ABOUT THIS EXERCISE:
Your copy should match the records below exactly, except for the pictures.

Records contained in a dataset:
* * *

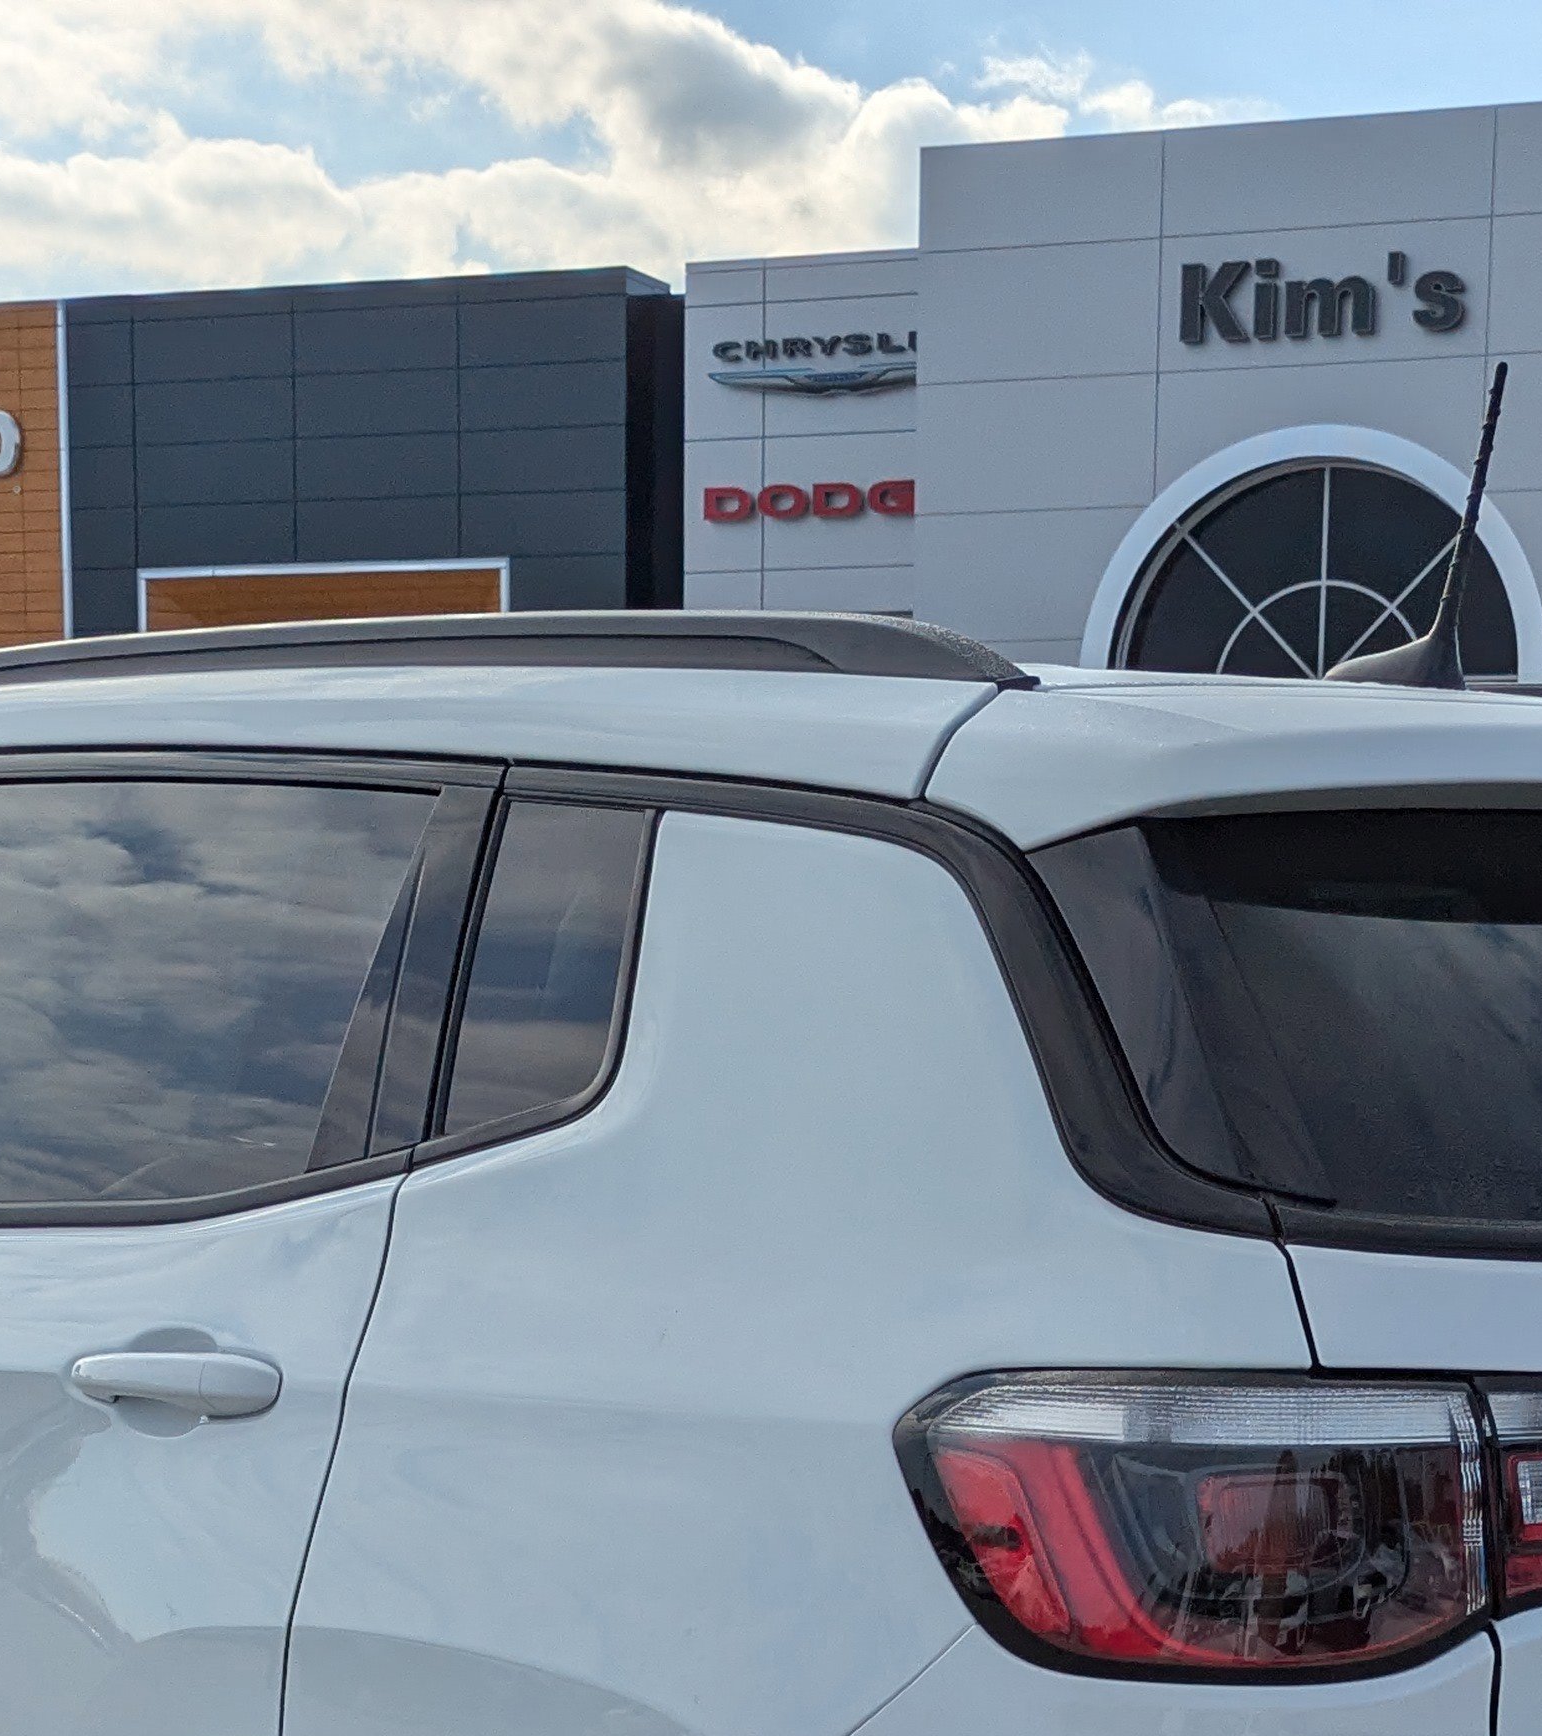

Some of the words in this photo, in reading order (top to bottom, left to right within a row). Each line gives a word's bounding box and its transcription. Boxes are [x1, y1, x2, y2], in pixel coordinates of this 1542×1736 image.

[1179, 251, 1468, 346] Kim's
[712, 331, 917, 362] CHRYSL
[704, 479, 915, 522] DODG
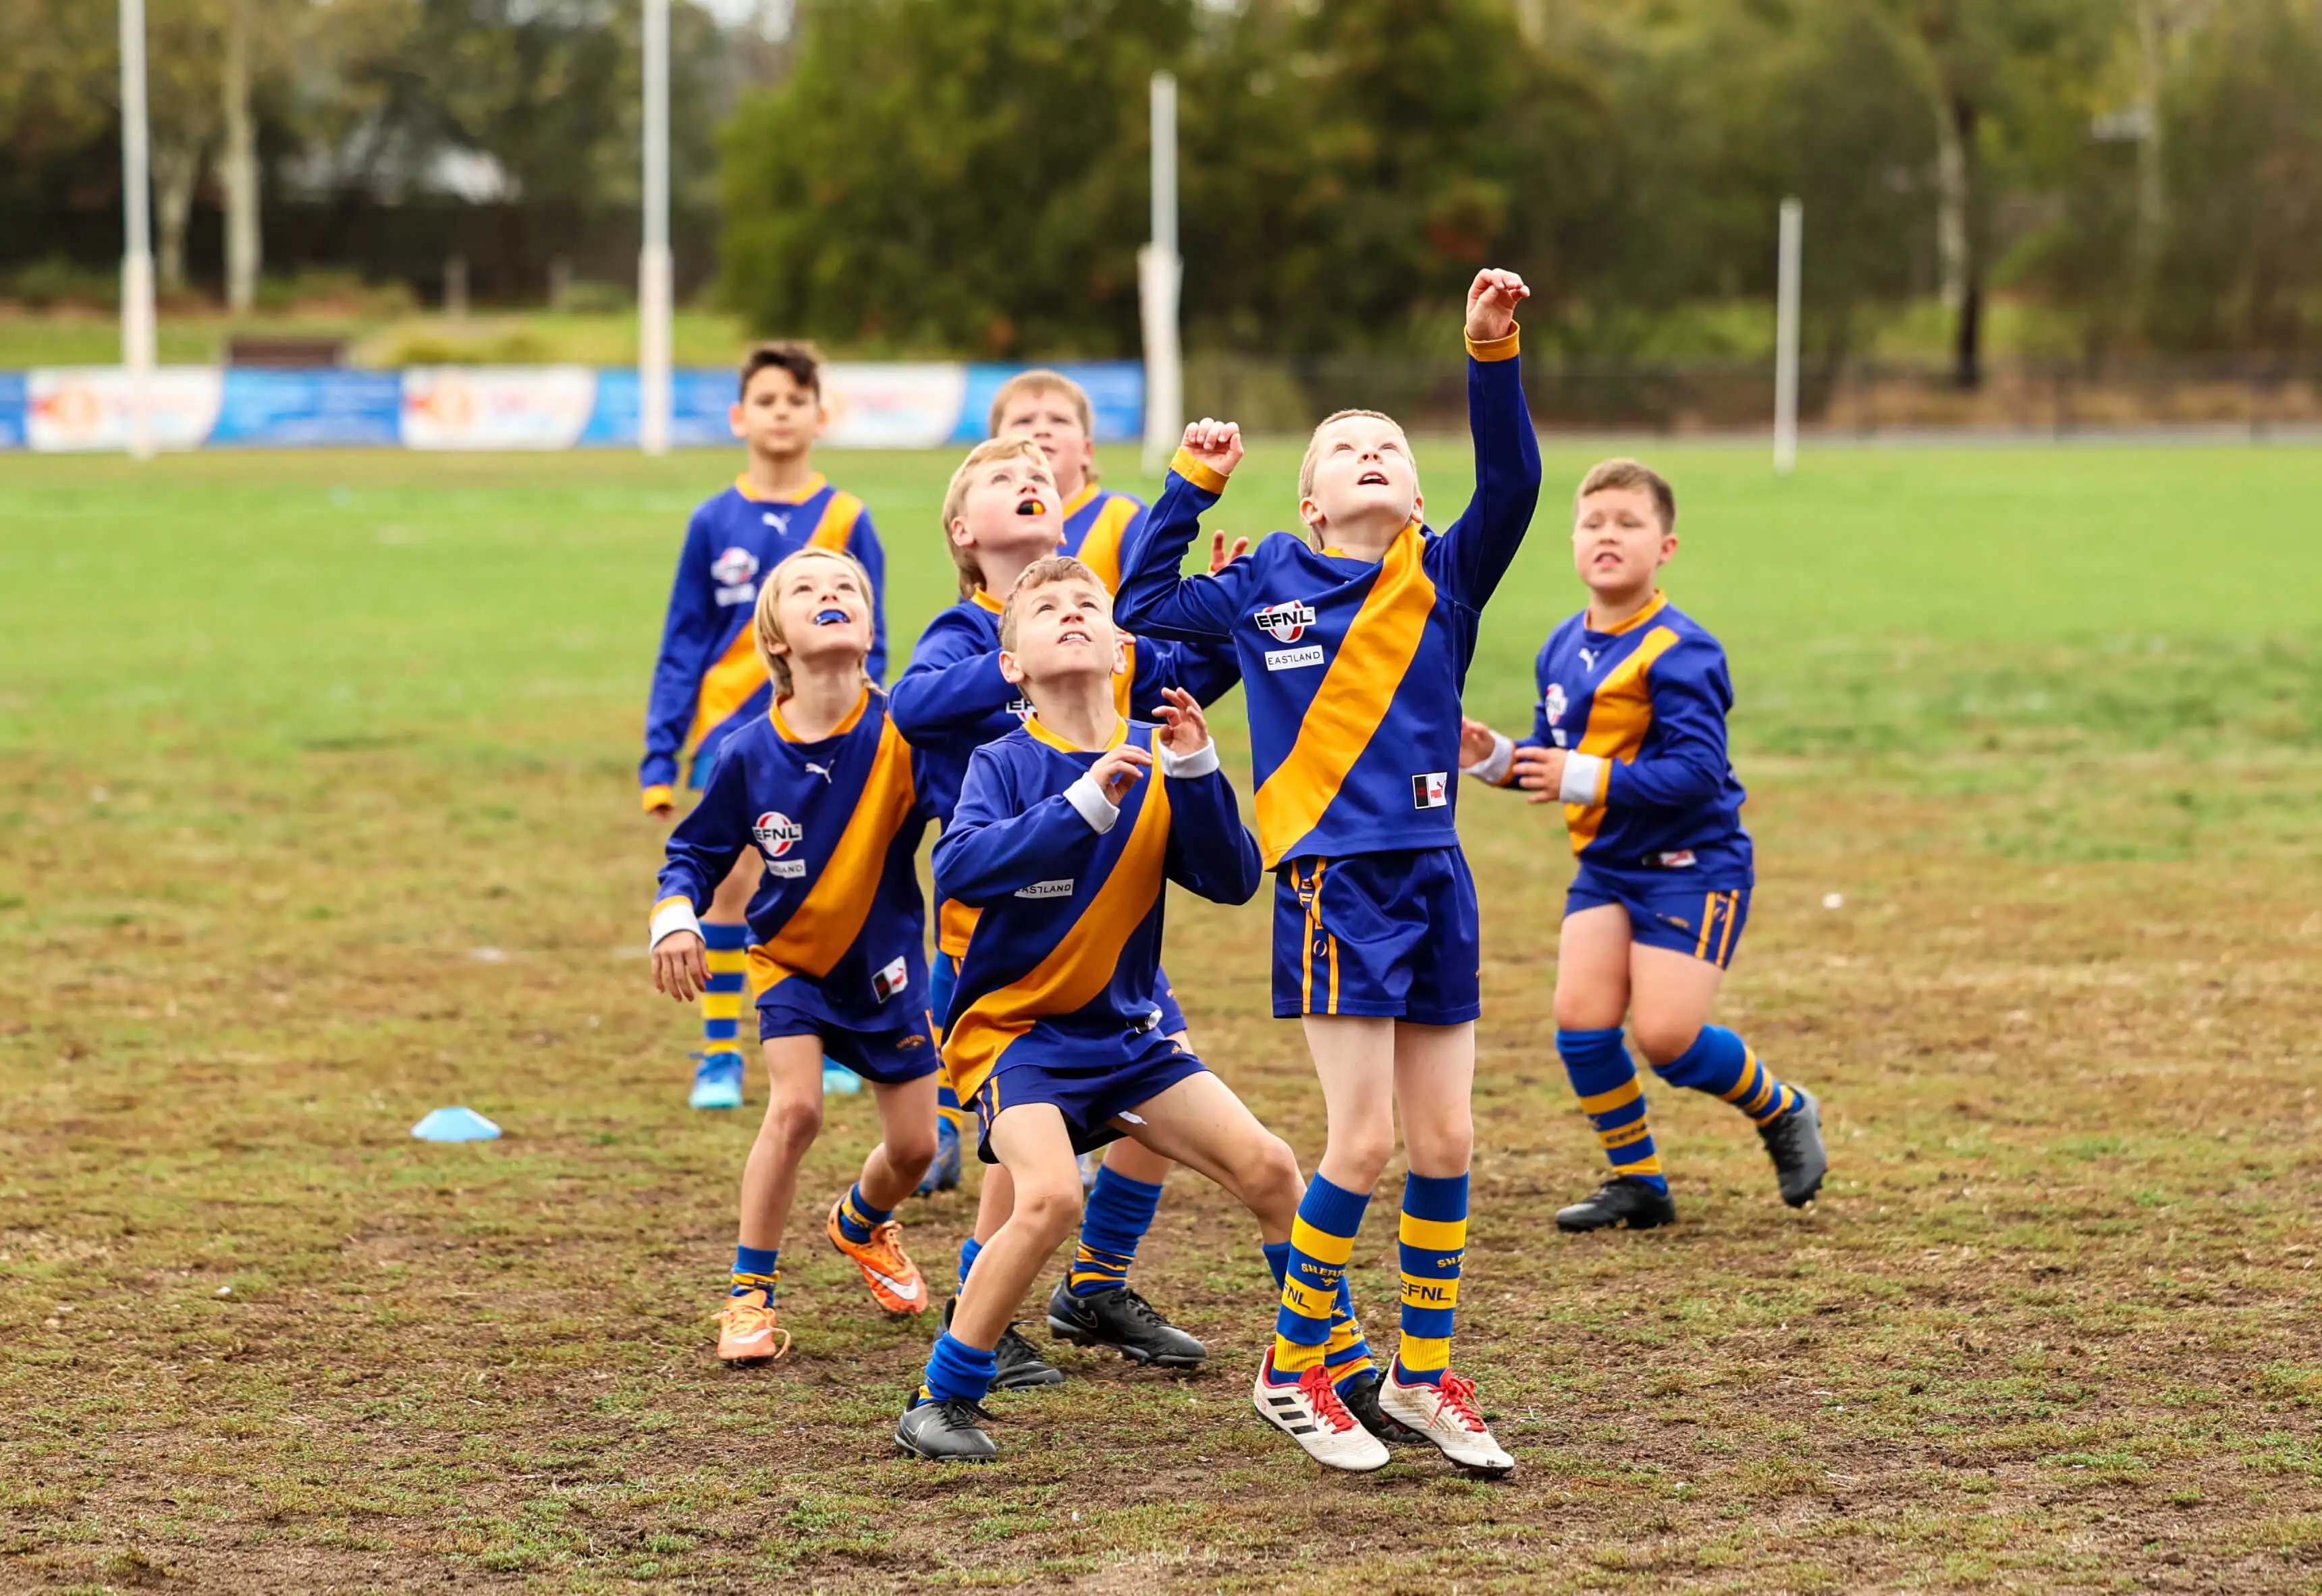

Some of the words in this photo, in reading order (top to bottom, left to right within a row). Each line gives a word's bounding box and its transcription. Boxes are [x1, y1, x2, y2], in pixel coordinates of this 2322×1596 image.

[1257, 610, 1313, 628] EFNL
[1268, 651, 1321, 665] EASTLAND
[1016, 884, 1071, 894] ASTLAND
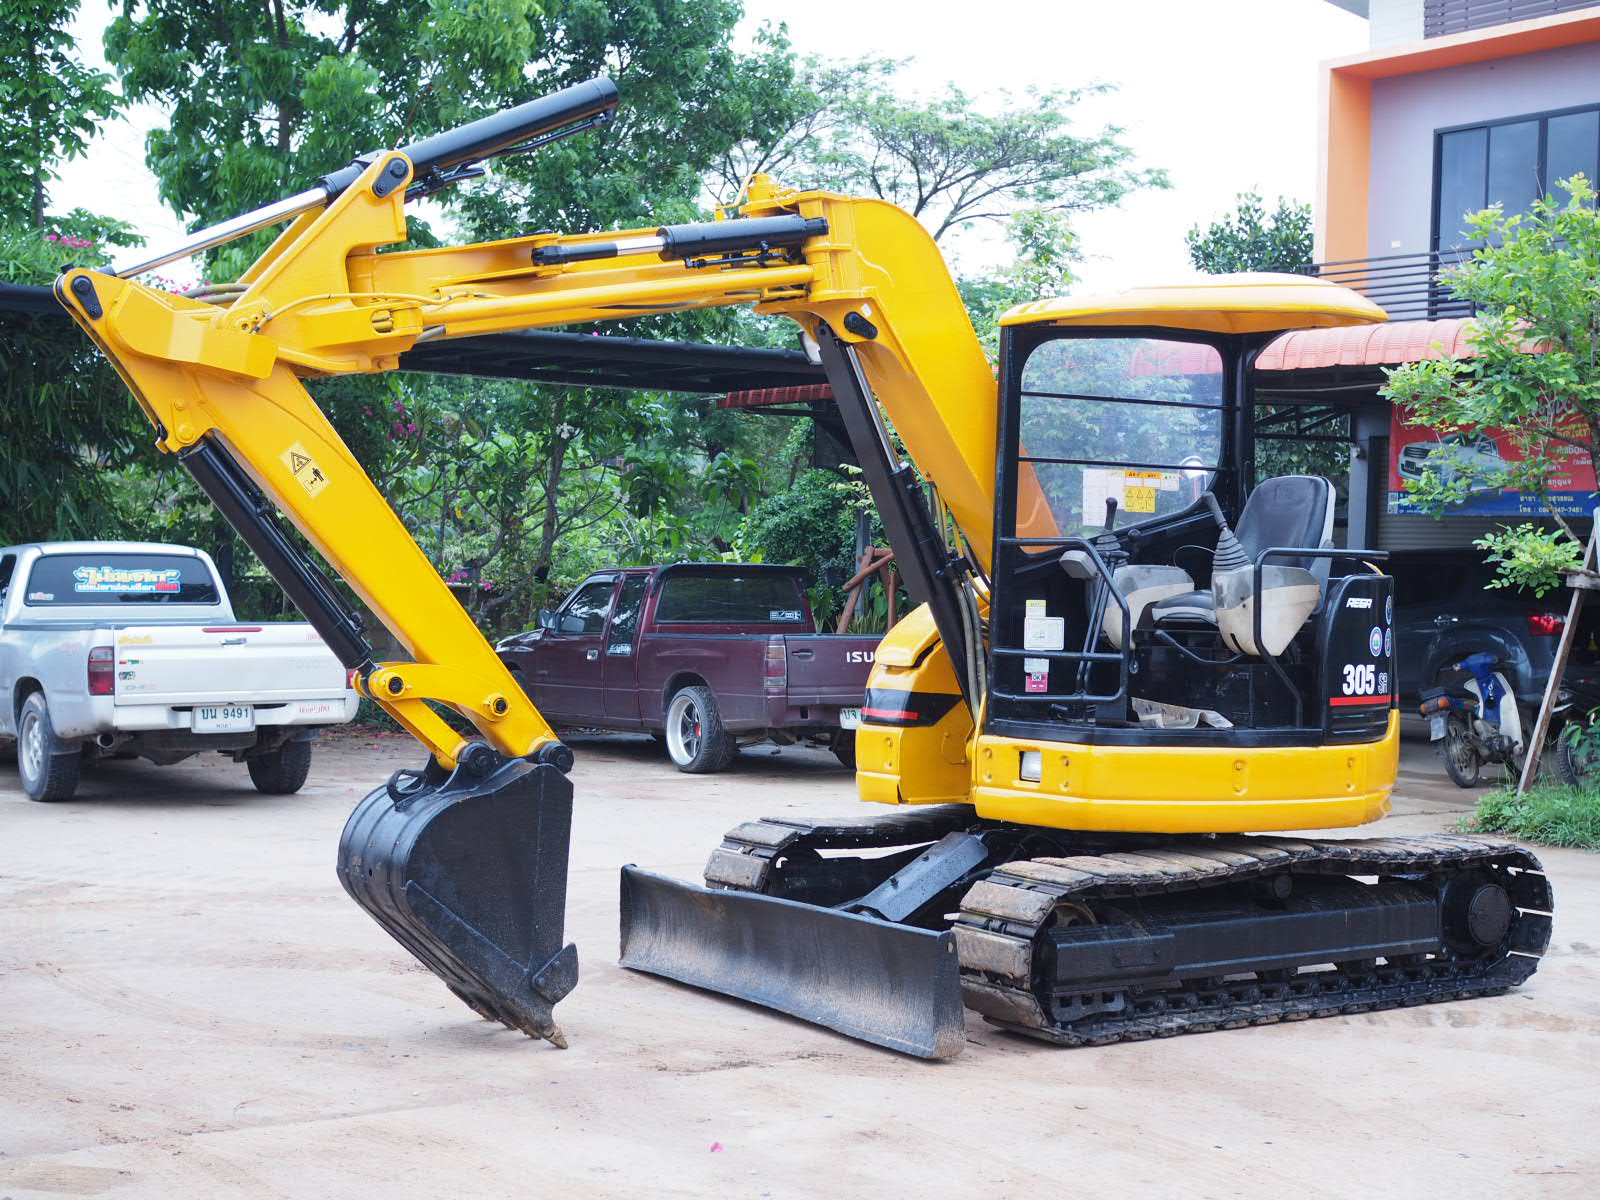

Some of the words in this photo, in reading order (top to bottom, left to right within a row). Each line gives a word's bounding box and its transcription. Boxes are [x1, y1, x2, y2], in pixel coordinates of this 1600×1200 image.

[846, 651, 875, 663] ISU
[1342, 664, 1376, 695] 305
[223, 707, 248, 719] 9491

* * *

REPLY TO THE EXERCISE:
Some of the words in this photo, in reading order (top to bottom, left to right within a row). Each line gives a word's bounding box and its transcription. Boxes are [x1, y1, x2, y2], in pixel coordinates of this 1542×1736 image.

[1179, 251, 1468, 346] Kim's
[712, 331, 917, 362] CHRYSL
[704, 479, 915, 522] DODG

Some of the words in this photo, in reading order (top to bottom, left to right within a row). Each line gives a word's bounding box and its transcription. Boxes are [x1, y1, x2, y2], in pixel coordinates of this 2322×1596 image.

[1257, 610, 1313, 628] EFNL
[1268, 651, 1321, 665] EASTLAND
[1016, 884, 1071, 894] ASTLAND

Some of the words in this photo, in reading order (top to bottom, left to right within a row). Each line gives a word's bounding box and its transcription. Boxes are [x1, y1, x2, y2], in pixel coordinates of this 1600×1200 image.

[846, 651, 875, 663] ISU
[1342, 664, 1376, 695] 305
[223, 707, 248, 719] 9491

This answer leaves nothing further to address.